# Problem statement
Every record should be copied exactly, and the images omitted.

# Recorded information
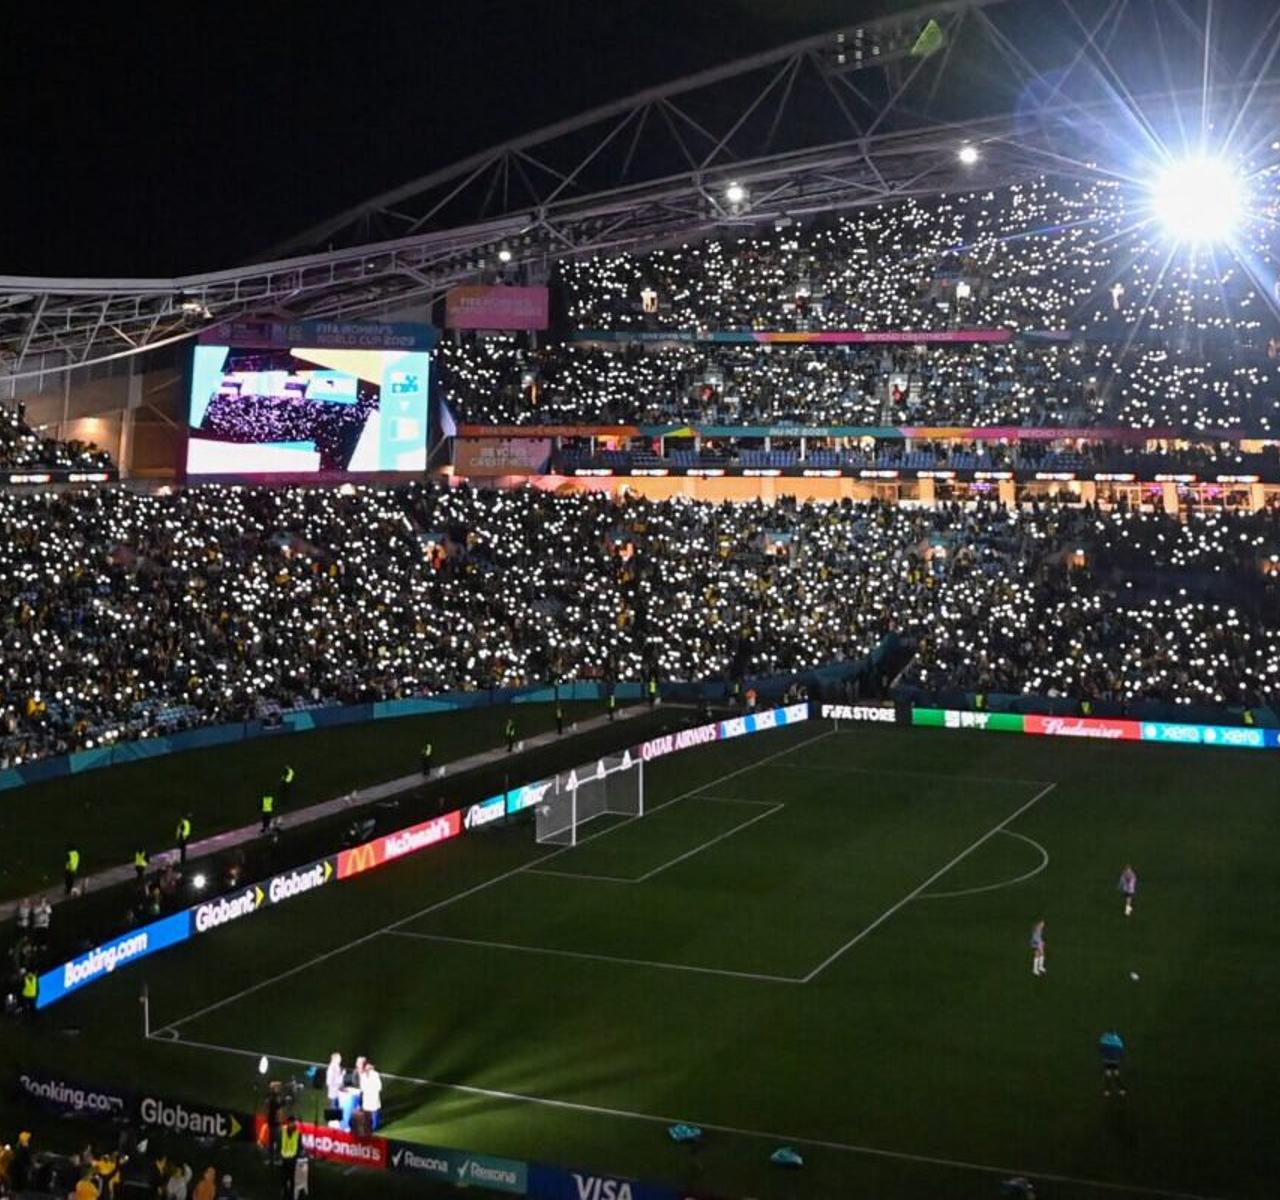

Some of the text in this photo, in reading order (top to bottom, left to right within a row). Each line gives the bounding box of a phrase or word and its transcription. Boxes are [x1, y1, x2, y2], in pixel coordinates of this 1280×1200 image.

[1041, 717, 1123, 738] Budweiser
[269, 864, 324, 903] Globant
[196, 889, 254, 932] Globant
[64, 932, 148, 988] Booking.com
[141, 1098, 227, 1136] Globant
[301, 1133, 381, 1161] McDonald's
[404, 1150, 448, 1173] Rexona
[572, 1174, 633, 1200] VISA

# Exercise solution
Some of the text in this photo, in reading order (top to bottom, left to right within a row). Each line gives the bounding box of a phrase or word and its transcription. Boxes are [x1, y1, x2, y2], in pixel coordinates of this 1280×1200 image.

[1041, 717, 1123, 738] Budweiser
[269, 864, 324, 903] Globant
[196, 889, 254, 932] Globant
[64, 932, 148, 988] Booking.com
[141, 1098, 227, 1136] Globant
[301, 1133, 381, 1161] McDonald's
[404, 1150, 448, 1173] Rexona
[572, 1174, 633, 1200] VISA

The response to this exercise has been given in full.